There would be no exemption whatsoever for the following groups:

Hoodies
Yes, lots of perfectly innocent young men wear them, and you can’t stop people sporting threatening-looking clothing (think what it would do to Doc Marten) but cowled teenagers loitering in an underpass might as well be wearing stockings over their faces: if I’m to be mugged, I’d like the police to be able to identify the little bastards from their images on the endless CCTV cameras which will track them as they run away (not that the courts would actually punish them, you understand.) Big boots and shaved heads are threatening as well – but they don’t conceal the identity of one’s attacker.

Burqas
I’m not a liberal, but I find the implication that females are “property” and that all males are sexually incontinent thoroughly offensive.
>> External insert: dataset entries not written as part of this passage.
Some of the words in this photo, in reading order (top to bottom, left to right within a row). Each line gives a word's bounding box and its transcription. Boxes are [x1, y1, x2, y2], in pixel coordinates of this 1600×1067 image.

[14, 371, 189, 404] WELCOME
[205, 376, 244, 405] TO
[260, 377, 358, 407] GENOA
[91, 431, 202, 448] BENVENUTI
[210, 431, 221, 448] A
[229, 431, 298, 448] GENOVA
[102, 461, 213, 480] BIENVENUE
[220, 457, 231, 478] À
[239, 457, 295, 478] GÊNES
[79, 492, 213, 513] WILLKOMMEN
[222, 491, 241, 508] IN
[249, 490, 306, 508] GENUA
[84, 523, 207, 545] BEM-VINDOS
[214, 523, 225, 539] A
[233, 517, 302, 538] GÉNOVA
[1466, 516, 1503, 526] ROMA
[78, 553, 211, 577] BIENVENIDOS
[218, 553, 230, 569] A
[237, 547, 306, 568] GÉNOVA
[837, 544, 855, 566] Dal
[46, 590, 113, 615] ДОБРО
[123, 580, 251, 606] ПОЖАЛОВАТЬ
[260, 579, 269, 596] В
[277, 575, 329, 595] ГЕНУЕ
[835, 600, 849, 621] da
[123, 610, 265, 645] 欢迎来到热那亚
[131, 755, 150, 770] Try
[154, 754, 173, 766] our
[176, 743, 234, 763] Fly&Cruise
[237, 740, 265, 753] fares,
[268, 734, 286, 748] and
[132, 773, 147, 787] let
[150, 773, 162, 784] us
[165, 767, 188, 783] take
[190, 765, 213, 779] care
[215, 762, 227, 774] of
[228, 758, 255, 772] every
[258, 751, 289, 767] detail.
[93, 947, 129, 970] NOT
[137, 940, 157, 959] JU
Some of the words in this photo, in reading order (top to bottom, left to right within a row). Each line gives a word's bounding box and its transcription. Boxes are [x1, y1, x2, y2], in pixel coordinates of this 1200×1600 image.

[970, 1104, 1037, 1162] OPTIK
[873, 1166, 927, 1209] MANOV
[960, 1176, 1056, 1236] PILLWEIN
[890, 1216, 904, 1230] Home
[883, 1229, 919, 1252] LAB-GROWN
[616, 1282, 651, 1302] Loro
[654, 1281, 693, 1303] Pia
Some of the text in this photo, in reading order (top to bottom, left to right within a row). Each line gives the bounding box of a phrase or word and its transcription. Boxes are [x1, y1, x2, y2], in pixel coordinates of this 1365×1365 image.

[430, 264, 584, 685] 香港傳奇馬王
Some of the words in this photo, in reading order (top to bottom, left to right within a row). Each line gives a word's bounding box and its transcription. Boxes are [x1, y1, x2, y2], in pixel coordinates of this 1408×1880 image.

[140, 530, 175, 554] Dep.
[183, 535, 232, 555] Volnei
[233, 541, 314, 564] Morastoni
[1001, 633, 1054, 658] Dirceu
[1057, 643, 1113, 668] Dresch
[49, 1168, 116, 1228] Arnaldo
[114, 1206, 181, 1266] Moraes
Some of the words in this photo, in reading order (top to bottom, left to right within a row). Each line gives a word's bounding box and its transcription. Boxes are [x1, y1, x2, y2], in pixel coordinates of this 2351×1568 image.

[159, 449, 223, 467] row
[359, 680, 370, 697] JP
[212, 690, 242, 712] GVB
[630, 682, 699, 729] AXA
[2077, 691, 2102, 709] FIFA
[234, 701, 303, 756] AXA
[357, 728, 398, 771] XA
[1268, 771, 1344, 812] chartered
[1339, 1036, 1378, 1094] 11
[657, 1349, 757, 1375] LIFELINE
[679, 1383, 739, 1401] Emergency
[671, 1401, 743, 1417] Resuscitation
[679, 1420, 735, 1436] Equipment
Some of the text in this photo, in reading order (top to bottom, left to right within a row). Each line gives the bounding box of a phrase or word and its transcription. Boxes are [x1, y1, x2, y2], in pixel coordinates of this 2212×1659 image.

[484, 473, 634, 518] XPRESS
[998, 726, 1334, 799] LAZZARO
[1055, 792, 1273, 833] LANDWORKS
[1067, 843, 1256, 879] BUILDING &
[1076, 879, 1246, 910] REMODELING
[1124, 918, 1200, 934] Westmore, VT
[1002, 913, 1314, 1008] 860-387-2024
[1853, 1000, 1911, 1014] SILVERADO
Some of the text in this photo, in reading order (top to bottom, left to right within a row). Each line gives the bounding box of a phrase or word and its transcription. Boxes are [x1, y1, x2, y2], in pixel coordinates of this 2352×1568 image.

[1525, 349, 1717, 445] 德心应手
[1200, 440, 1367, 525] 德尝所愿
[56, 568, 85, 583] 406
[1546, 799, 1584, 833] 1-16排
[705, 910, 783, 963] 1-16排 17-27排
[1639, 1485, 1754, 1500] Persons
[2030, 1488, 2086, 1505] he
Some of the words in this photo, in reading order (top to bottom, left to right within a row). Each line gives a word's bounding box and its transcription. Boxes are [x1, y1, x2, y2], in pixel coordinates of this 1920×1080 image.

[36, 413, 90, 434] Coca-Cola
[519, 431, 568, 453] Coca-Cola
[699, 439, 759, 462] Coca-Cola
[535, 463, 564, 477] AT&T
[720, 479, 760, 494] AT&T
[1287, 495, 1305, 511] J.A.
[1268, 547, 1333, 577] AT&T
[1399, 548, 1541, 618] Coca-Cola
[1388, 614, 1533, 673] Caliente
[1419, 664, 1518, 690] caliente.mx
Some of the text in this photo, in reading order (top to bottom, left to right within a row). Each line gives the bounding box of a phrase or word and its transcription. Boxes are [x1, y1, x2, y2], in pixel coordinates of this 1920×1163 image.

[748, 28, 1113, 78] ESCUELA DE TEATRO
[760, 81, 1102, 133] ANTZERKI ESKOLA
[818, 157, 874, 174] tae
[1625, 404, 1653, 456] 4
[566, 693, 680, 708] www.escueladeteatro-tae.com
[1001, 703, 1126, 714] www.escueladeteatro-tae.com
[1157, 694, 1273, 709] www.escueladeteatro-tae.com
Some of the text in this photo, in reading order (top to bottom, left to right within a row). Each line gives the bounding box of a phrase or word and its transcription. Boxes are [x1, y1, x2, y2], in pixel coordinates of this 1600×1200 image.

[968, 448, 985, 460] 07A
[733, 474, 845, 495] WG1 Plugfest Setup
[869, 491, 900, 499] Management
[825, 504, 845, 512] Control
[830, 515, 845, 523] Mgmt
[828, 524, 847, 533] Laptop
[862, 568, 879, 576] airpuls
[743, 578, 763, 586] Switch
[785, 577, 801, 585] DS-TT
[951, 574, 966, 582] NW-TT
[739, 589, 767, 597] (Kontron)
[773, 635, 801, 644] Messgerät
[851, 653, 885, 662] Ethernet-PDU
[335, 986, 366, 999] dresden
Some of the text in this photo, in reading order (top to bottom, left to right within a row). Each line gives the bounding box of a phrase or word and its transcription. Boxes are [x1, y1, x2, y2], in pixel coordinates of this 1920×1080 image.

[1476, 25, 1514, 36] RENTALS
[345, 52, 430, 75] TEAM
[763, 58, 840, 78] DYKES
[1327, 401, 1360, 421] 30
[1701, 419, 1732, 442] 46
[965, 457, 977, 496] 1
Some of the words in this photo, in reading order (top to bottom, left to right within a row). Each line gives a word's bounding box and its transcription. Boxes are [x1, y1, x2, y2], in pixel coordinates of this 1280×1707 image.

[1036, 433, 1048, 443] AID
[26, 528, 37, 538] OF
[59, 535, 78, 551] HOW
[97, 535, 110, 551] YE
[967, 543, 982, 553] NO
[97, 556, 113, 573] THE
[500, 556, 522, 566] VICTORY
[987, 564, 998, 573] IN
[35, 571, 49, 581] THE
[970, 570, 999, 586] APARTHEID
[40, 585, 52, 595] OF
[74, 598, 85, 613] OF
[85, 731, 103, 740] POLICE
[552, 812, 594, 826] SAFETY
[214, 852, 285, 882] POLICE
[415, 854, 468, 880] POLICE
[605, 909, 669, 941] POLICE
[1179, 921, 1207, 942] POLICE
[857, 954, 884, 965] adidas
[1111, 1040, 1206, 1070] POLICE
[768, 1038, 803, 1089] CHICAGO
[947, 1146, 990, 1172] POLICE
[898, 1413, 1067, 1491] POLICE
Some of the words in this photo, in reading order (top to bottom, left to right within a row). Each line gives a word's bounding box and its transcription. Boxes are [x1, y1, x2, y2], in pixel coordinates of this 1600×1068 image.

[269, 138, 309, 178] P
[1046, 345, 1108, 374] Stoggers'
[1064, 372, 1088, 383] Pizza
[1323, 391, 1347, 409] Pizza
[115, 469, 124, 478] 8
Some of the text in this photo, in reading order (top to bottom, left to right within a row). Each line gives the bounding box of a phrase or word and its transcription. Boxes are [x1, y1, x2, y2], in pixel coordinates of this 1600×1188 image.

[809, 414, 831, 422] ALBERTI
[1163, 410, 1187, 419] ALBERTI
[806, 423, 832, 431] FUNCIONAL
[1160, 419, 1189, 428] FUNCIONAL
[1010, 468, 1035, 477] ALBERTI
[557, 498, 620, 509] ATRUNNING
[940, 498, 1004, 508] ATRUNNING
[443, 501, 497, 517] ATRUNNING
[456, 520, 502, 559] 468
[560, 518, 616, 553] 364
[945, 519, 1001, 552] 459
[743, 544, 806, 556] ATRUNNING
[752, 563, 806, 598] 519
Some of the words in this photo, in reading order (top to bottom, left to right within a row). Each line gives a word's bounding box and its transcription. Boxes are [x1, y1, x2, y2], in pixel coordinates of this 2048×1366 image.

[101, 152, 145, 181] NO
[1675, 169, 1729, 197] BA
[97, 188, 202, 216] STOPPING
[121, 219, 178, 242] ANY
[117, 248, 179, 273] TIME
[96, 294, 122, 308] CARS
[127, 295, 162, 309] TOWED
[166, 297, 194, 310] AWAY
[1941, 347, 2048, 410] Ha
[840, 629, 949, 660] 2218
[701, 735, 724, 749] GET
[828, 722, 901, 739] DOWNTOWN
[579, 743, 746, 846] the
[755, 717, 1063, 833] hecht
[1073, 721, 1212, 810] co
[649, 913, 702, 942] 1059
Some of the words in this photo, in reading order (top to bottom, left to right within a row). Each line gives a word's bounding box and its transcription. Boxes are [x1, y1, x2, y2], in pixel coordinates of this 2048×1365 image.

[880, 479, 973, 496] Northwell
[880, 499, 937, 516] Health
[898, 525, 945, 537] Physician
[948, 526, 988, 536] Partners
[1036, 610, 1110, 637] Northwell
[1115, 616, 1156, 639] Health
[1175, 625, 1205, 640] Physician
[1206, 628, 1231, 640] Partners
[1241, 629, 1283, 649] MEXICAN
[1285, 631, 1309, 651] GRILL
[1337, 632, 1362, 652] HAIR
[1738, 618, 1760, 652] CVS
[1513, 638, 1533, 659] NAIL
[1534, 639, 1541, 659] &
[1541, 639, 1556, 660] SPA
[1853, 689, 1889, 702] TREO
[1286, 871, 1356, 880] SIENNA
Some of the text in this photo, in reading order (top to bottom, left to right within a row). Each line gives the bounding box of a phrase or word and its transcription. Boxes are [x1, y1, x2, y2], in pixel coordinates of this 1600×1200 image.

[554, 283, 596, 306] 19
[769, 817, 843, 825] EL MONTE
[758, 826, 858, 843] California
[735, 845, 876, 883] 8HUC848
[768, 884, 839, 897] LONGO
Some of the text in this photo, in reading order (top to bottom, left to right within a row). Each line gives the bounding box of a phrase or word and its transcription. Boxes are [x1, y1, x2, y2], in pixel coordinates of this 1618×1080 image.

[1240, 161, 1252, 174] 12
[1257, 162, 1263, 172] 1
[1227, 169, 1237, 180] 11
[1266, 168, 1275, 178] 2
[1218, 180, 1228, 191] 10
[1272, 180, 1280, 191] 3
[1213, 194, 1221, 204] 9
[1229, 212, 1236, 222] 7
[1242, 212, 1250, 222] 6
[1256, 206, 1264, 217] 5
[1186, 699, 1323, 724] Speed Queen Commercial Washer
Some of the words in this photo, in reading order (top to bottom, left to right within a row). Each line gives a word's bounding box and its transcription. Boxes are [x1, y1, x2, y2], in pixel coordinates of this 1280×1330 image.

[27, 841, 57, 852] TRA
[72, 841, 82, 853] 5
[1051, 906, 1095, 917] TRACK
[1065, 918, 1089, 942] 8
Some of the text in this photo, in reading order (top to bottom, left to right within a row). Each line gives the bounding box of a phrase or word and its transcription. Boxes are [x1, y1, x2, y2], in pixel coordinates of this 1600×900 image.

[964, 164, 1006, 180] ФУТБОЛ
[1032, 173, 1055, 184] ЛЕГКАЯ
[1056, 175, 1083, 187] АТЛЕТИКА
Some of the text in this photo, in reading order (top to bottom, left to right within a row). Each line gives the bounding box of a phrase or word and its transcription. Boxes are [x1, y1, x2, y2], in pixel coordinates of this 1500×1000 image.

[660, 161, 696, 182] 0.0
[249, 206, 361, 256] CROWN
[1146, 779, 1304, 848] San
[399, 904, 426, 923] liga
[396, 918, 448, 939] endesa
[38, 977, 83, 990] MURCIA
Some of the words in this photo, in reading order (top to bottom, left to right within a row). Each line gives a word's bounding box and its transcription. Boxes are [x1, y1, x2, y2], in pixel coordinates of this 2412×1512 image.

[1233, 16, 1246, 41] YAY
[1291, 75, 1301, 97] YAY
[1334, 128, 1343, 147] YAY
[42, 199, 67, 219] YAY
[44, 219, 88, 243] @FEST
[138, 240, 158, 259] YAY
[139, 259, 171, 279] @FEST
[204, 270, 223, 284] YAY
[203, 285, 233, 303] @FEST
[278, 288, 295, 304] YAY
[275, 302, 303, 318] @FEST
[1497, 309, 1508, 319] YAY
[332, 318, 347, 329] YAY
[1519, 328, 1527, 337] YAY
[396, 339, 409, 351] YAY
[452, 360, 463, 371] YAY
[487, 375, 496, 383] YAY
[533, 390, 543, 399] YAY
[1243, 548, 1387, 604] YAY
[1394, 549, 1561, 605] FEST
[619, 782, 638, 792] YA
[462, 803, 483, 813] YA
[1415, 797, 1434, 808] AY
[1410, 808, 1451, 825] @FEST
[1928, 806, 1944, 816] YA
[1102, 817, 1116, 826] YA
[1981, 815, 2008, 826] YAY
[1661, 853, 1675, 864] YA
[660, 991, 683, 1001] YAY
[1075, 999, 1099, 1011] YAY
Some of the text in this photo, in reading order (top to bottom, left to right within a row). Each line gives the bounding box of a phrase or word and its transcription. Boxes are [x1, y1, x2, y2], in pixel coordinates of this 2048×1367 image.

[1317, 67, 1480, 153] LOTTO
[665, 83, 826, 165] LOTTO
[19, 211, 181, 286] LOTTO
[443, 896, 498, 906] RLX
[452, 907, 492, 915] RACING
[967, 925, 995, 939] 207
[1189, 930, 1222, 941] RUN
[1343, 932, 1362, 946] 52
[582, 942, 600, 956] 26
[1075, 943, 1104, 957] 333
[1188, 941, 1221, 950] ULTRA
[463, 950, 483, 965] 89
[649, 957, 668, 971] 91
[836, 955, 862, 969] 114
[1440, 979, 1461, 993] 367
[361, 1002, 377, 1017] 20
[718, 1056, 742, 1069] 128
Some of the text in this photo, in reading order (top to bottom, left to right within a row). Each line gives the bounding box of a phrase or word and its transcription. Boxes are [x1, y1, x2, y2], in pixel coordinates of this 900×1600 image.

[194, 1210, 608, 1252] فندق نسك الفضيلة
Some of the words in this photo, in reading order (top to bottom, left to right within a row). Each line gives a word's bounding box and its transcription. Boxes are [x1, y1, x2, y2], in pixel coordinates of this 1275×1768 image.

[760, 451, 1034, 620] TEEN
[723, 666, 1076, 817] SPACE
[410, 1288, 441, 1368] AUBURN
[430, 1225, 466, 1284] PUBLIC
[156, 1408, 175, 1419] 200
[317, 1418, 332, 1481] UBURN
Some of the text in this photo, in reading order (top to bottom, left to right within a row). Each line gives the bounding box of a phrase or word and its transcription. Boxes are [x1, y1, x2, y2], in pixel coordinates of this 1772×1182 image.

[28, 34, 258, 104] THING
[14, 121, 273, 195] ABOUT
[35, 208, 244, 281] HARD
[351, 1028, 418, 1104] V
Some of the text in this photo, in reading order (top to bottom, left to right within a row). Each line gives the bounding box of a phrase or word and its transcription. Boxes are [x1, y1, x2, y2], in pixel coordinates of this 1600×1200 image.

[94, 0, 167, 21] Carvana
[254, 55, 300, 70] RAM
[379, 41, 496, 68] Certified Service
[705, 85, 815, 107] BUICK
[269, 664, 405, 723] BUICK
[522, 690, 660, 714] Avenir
In those Islamic countries where women are offered no protection from rape (from their husbands, his friends, male relatives, neighbours or strangers), burqasmay, I suppose,  be more appropriate - although changing their stone-age laws might provide a more sensible solution. But there is absolutely no excuse for them in Western democracies, where rape is generally not seen as the woman’s fault, and men are treated as rational creatures who are expected to control their baser instincts (well, here in the South, at least). 

Balaclavas
When it’s freezing cold, and you work outdoors, there may be a reason for wearing them: and, of course, our military and police can wear them whenever they want. Otherwise, they should be banned. They used to be the preserve of IRA thugs and bank-robbers, but have lately been taken up by violent scumbags masquerading as student demonstrators. As Iain Dale points out, English Defence League knuckle-draggers aren’t allowed to wear them at their demos – what makes anti-democratic left-wing fascist wreckers any different?

If you’re up to no good, I want to be able to see your face.